Parker took his order pad from his pocket and opened it and clapped it shut several times. He refused to look Mel in the eye.

As it turned out, there was a good crowd and a decent hour-long wait, but there definitely wasn’t enough business to justify the fact that they had one server for every two tables. This just overcrowded the pantry, and everyone kept bumping into one another in the doorway. Throughout the shift Mel tried to catch Parker’s eye, but he kept his focus turned away. She finally ended up standing next to him as she waited for the bartender to give her a tray full of Paddy’s Frozen Peppermint Patties and Parker was dully waiting for a few Guinnesses.

“My dad found out,” she said quietly. “About me.”

This, at least, caught his attention.

“Whoa. How’d that happen?” he asked.

“Pretty much the same way you did.” No point in mentioning Nina’s role in all of this.

Parker’s eyes flicked back and forth between the sets of bar taps before settling on Mel.

“Are you okay?” he asked.

“It was kind of hard. My dad told my mom. My mom told Avery’s parents. They all had a big meeting, tried to do an intervention on us.”

“Jesus. When did all of this happen?”

“He found out on Thursday.”

“Thursday?” Parker laughed. “Well, that was a banner night for both of us.”

“It’s probably better this way.”

“Are they mad?”

“My mom called yesterday and told me she made me an appointment to go to a psychologist,” Mel said. “But my dad has been good. I don’t think he really understands it, but he’s not going to throw me out or anything.”

They leaned against the edge of the bar and looked down into the tiny pools of beer and icy slush that were all over the rubber mat that covered the servers’ pickup area.
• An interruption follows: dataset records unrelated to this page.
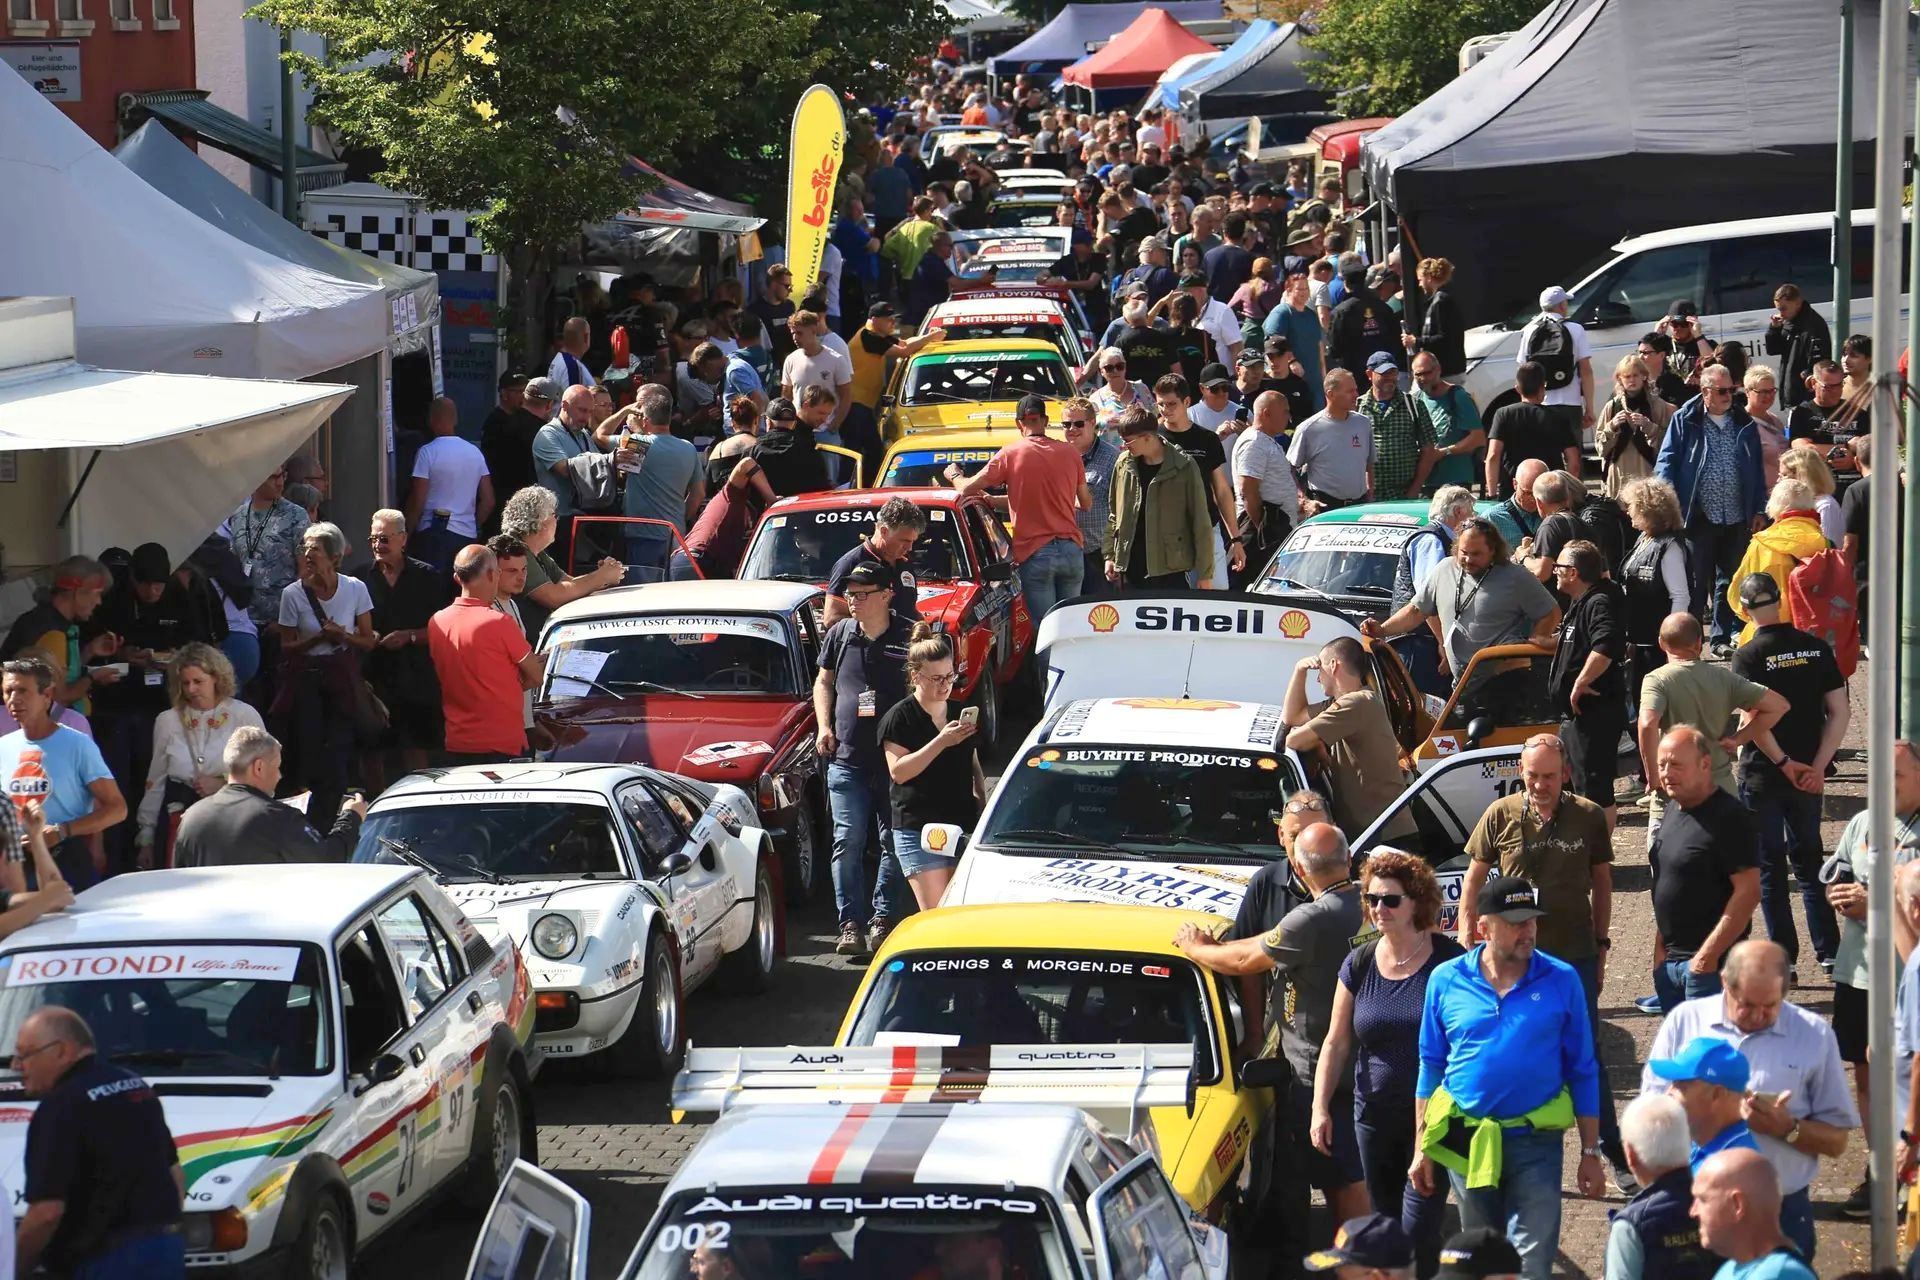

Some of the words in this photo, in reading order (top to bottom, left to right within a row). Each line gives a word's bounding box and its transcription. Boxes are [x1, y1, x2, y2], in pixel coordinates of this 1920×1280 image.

[968, 291, 995, 300] TEAM
[997, 290, 1043, 298] TOYOTA
[1044, 291, 1060, 299] GB
[959, 314, 1034, 324] MITSUBISHI
[1339, 527, 1377, 535] FORD
[1314, 533, 1371, 548] Eduardo
[588, 617, 740, 631] WWW.CLASSIC-ROVER.NL
[1134, 606, 1264, 635] Shell
[1066, 750, 1146, 762] BUYRITE
[1149, 751, 1252, 769] PRODUCTS
[10, 780, 49, 792] Gulf
[1044, 858, 1246, 906] BUYRITE
[1055, 872, 1191, 908] PRODUCTS
[17, 955, 186, 980] ROTONDI
[912, 959, 990, 973] KOENIGS
[1001, 958, 1014, 970] &
[1026, 959, 1133, 974] MORGEN.DE
[790, 1053, 844, 1064] Audi
[1017, 1051, 1117, 1062] quattro
[684, 1194, 813, 1215] Audi
[819, 1193, 1037, 1214] quattro
[657, 1221, 732, 1253] 002
Parker flicked a beer cap with his finger, and it flew behind the bar and bounced off a bottle.

“I screwed up,” he said. “Bad.”

“Oh, Park.” Mel wished her friends weren’t going through all this.

“And then, because that wasn’t enough,” he went on, “I got a credit card and bought a metric shitload of DVDs so that she could pick the one she wanted to watch. I was going to return the rest. But the credit card company noticed that the first purchase seemed weird, and fraud protection flagged my card and put a hold on it. So now I might not be able to return them on time, and I’ll have to pay four hundred bucks. Which is just perfect, don’t you think?”
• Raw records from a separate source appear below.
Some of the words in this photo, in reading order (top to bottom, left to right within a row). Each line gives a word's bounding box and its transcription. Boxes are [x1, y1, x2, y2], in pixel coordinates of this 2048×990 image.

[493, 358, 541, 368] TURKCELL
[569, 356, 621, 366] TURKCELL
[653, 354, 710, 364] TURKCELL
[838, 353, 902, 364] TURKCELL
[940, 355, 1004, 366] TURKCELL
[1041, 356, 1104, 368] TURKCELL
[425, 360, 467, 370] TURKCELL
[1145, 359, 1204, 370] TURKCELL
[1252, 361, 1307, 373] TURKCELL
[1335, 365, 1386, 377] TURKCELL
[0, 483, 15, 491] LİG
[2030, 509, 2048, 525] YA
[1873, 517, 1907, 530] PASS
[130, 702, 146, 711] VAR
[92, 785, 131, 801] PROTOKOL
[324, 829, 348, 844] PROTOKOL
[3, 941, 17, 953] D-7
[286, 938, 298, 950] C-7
The birthday jig alarm went off. Julie, Avery’s replacement on the keyboard (not that she was anywhere nearly as good as Avery), took her position, and the army of servers descended on the unsuspecting victim. Parker and Mel looked at each other and then quietly stepped away from the bar and slipped through the glut of servers who came forward to stomp around the doomed birthday person’s table. They went right to the pantry and out the service door.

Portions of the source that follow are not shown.